Ознакомительная версия. Доступно 12 страниц из 56
Однако нападение на тюрьму и концентрационный лагерь не застало военные власти врасплох; они были к этому подготовлены. К станции Куломзино были быстро двинуты правительственные войска: казачьи части и полевая артиллерия. Около 10 часов утра между правительственными войсками, среди которых была небольшая часть чешских легионеров, и мятежниками завязался горячий бой. В ход были пущены пулеметы и полевая артиллерия, расположившаяся против станционного поселка и обстреливавшая укрывшихся в станционных зданиях большевиков. У восставших были только ружья и пулеметы, ибо их попытки разграбить в городе склад оружия успехом не увенчались. После пулеметной подготовки казаки окружили и атаковали восставших. Последние сначала сильно защищались, стреляя в упор в атакующих, но вскоре, терпя большие потери, стали отступать за линию железной дороги. Часть их разбежалась. Однако большую часть бунтовщиков удалось окружить и загнать в железнодорожное депо, где их разоружили. К вечеру 22 декабря мятеж был подавлен. Город еще с утра был объявлен на осадном положении, и власть перешла в руки военных. Взятых в плен с оружием в руках судили военно-полевым судом.

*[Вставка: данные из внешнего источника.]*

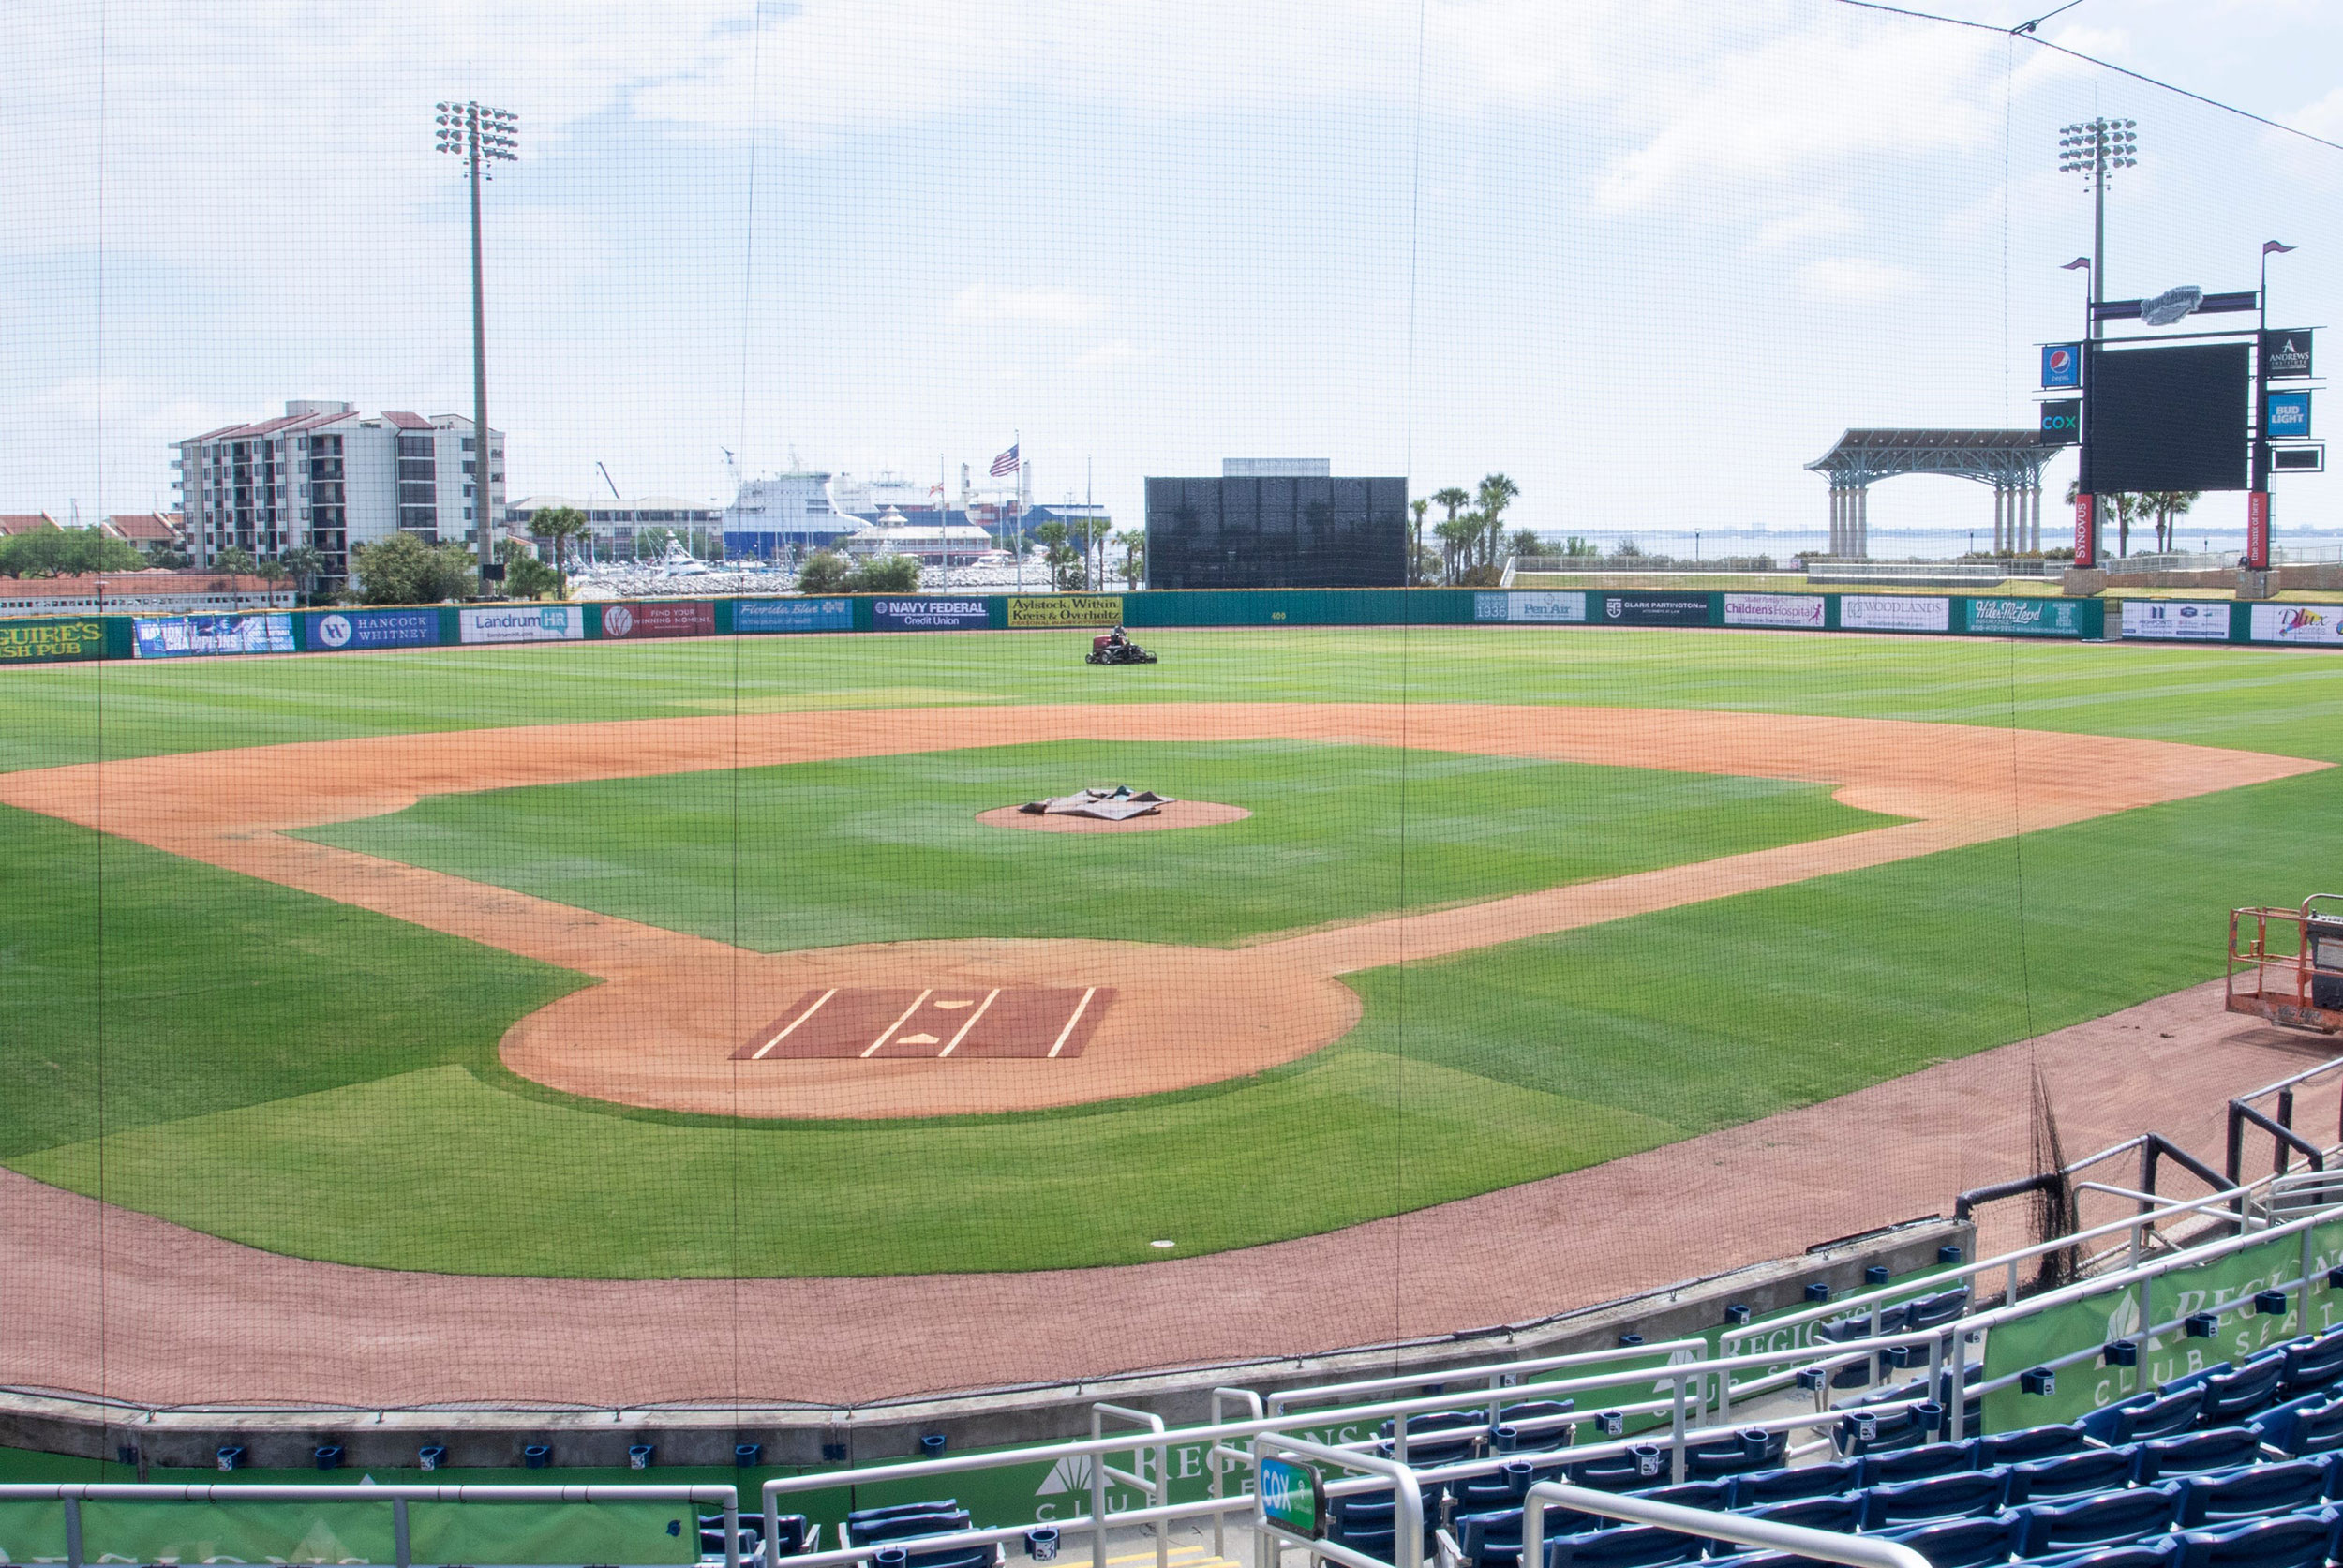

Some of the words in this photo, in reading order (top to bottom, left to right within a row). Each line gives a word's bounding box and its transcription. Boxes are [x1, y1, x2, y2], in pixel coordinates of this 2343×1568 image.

По проверке задержанных оказалось, что руководители боя, комиссары, в том числе Михельсон, успели скрыться. В результате кровавой схватки на стороне восставших было много потерь убитыми и ранеными. Это объясняется отсутствием у восставших артиллерии и тем, что они были окружены. Бывшая на стороне правительственных войск артиллерия быстро решила судьбу боя. Крайне озлобленные казачьи части жестоко расправлялись на месте боя со своими врагами. Командирам отдельных частей стоило большого труда остановить расправу с пленными большевиками. Той же ночью по распоряжению командующего войсками были учреждены два полевых суда – на станции Куломзино, на месте боя, и в г. Омске, в котором в течение дня и ночи на окраинах были задержаны отдельные группы восставших, стрелявшие в правительственные отряды. Согласно опубликованным вскоре официальным данным, при подавлении мятежа в Омске по приговору военно-полевого суда было расстреляно 49 человек, приговорено в каторжные работы и в тюрьмы 13 человек, убито во время подавления беспорядков 133 человека. В Куломзино же по приговору военно-полевого суда было расстреляно 117 человек, оправдано 24 человека, убито при подавлении мятежа 124 человека. На стороне правительственных войск было потерь: 24 убитыми, 35 ранеными. Чехов было убито 7 человек, ранено 18.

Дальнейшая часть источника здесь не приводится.